» **Required action**
Only the text of the records belongs in the answer, copied exactly, with every picture omitted.

» **Extracted material**
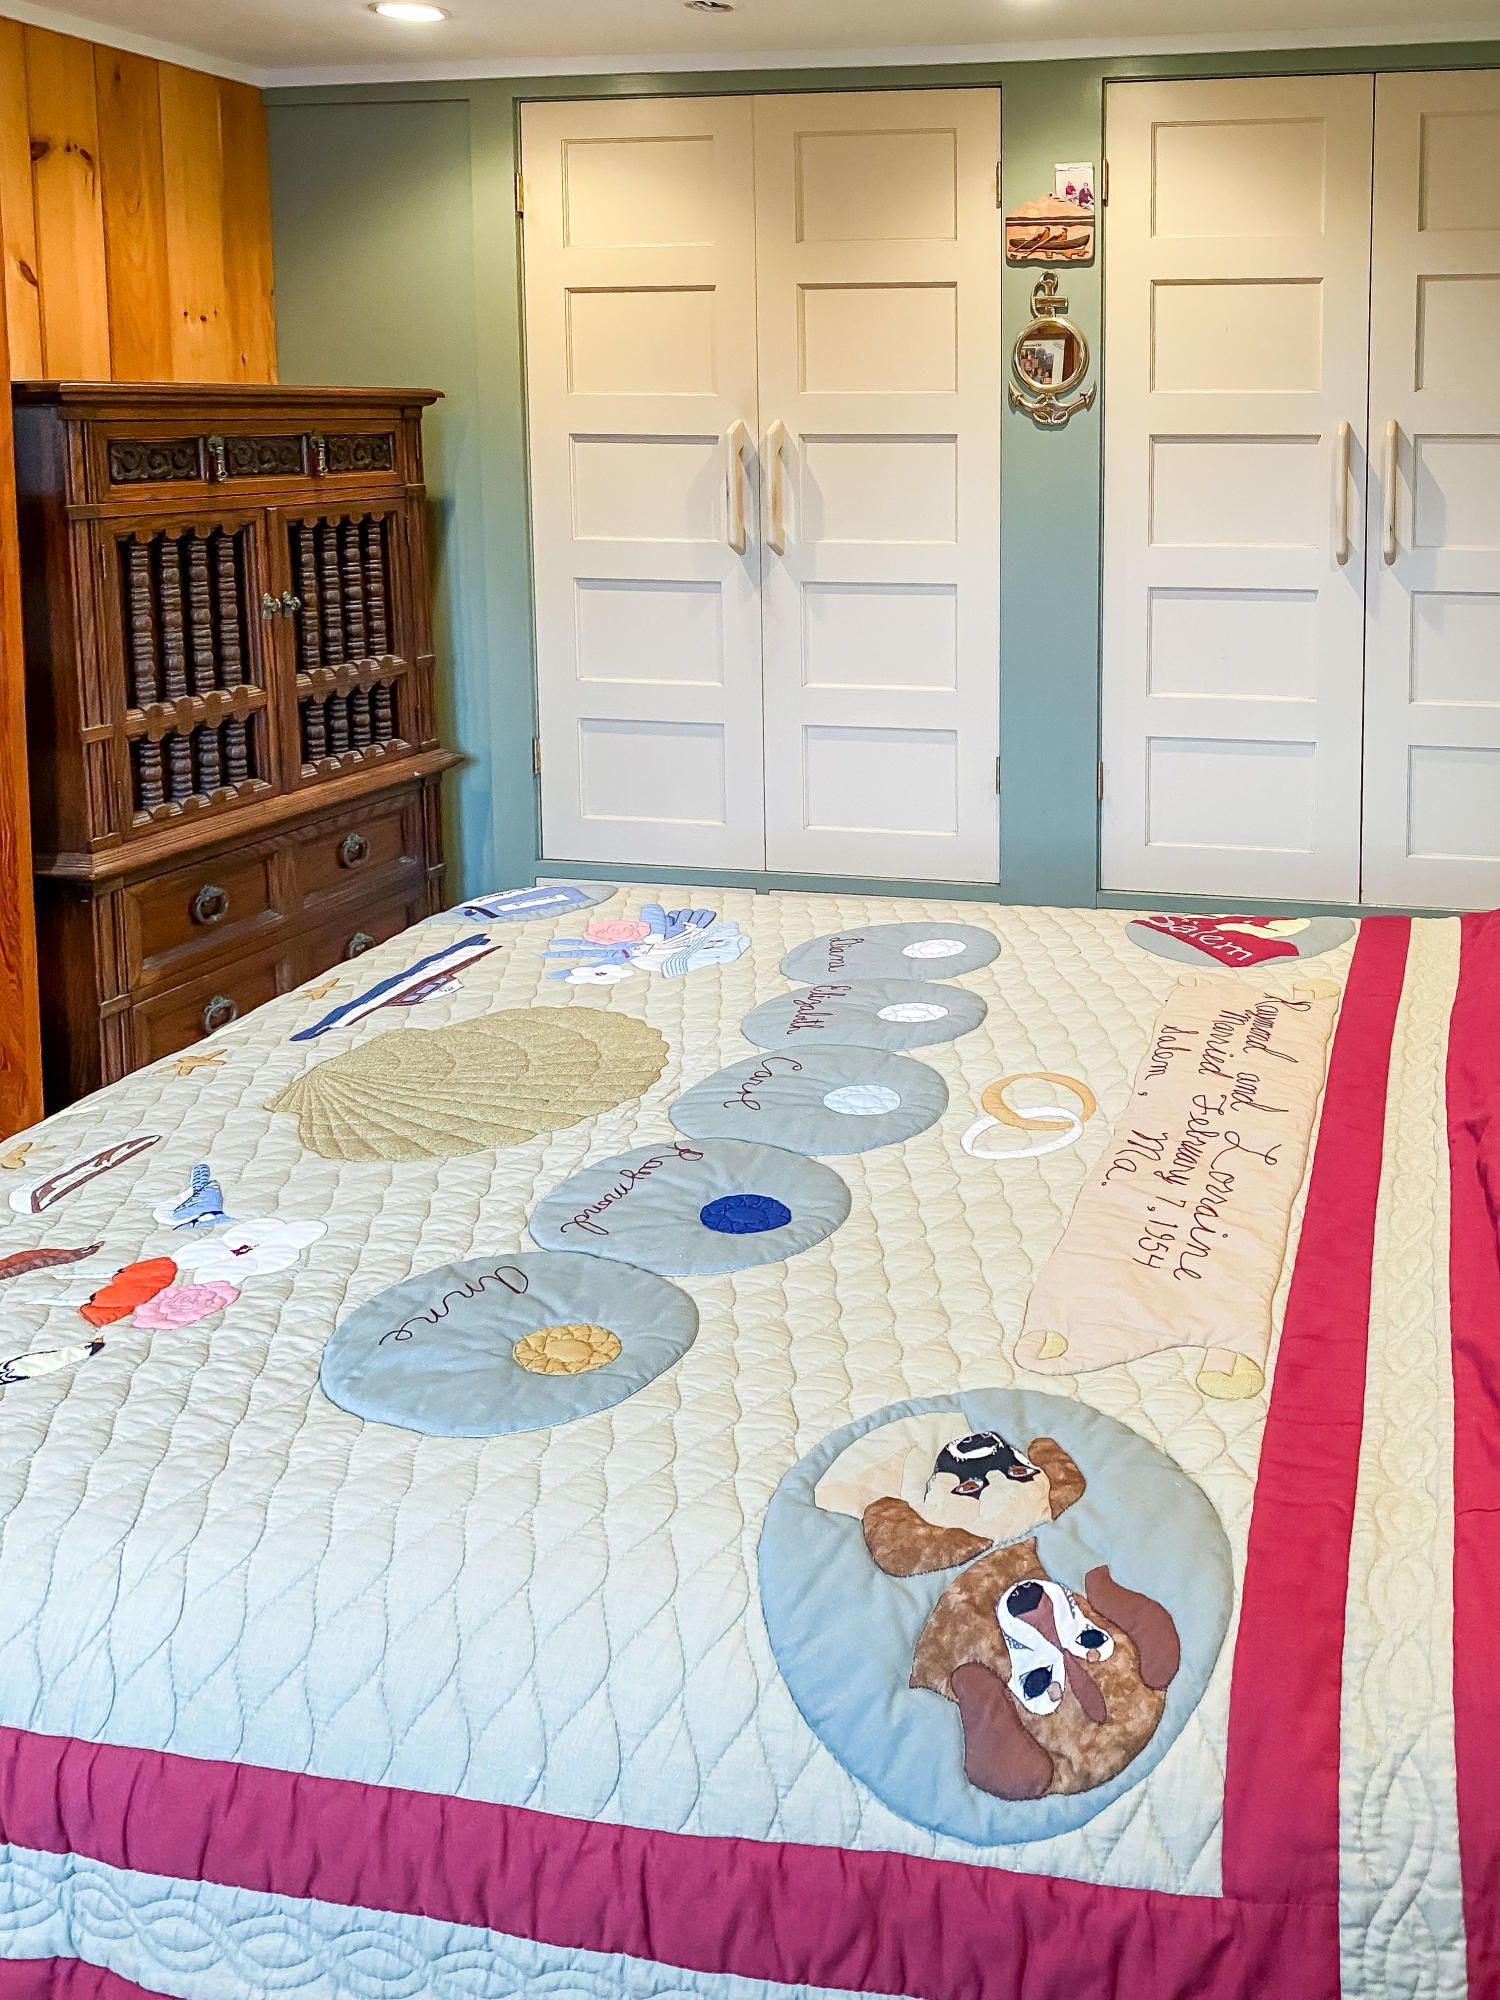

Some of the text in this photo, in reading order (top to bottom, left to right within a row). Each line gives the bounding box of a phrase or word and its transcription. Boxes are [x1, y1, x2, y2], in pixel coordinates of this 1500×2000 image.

[1145, 915, 1253, 962] Salem
[786, 985, 852, 1035] Elizabeth
[1197, 1009, 1253, 1080] Married
[723, 1056, 803, 1111] Carol
[1153, 1093, 1228, 1186] February
[1172, 992, 1313, 1281] Raymond and Lorraine
[560, 1141, 705, 1236] Raymond
[1131, 1218, 1179, 1269] 1954
[378, 1265, 530, 1346] Anne
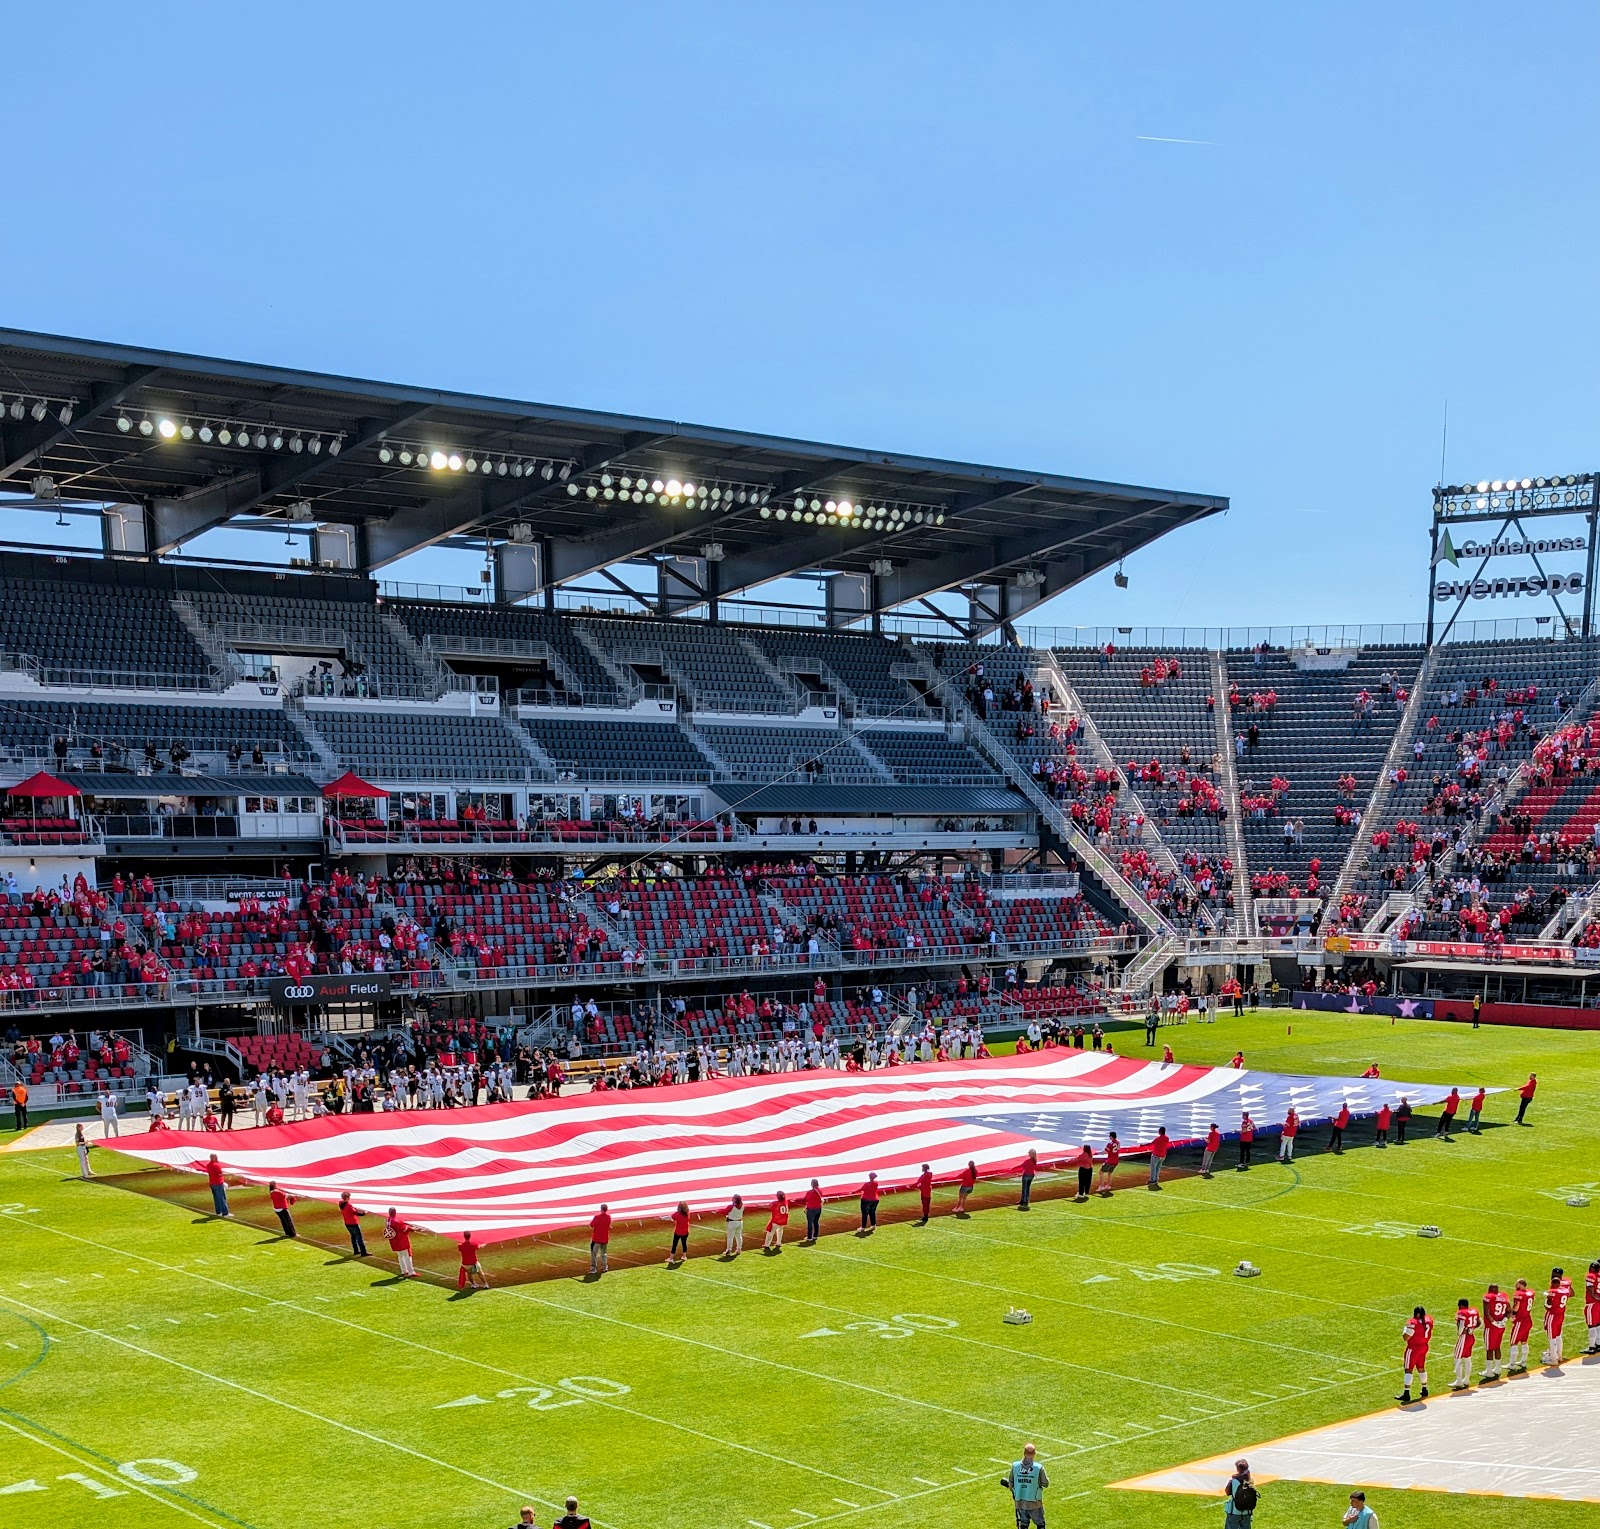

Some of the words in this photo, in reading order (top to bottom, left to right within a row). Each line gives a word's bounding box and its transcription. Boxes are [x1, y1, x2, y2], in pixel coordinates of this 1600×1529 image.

[1461, 536, 1586, 558] Guidehouse
[320, 986, 348, 995] Audi
[350, 983, 379, 995] Field
[1129, 1262, 1222, 1282] 40
[1494, 1302, 1507, 1316] 91
[844, 1313, 960, 1340] 30
[496, 1375, 632, 1412] 20
[56, 1458, 199, 1500] 10

» **Task solution**
Some of the text in this photo, in reading order (top to bottom, left to right within a row). Each line gives the bounding box of a phrase or word and its transcription. Boxes are [x1, y1, x2, y2], in pixel coordinates of this 1500×2000 image.

[1145, 915, 1253, 962] Salem
[786, 985, 852, 1035] Elizabeth
[1197, 1009, 1253, 1080] Married
[723, 1056, 803, 1111] Carol
[1153, 1093, 1228, 1186] February
[1172, 992, 1313, 1281] Raymond and Lorraine
[560, 1141, 705, 1236] Raymond
[1131, 1218, 1179, 1269] 1954
[378, 1265, 530, 1346] Anne

Some of the words in this photo, in reading order (top to bottom, left to right within a row). Each line gives a word's bounding box and its transcription. Boxes are [x1, y1, x2, y2], in pixel coordinates of this 1600×1529 image.

[1461, 536, 1586, 558] Guidehouse
[320, 986, 348, 995] Audi
[350, 983, 379, 995] Field
[1129, 1262, 1222, 1282] 40
[1494, 1302, 1507, 1316] 91
[844, 1313, 960, 1340] 30
[496, 1375, 632, 1412] 20
[56, 1458, 199, 1500] 10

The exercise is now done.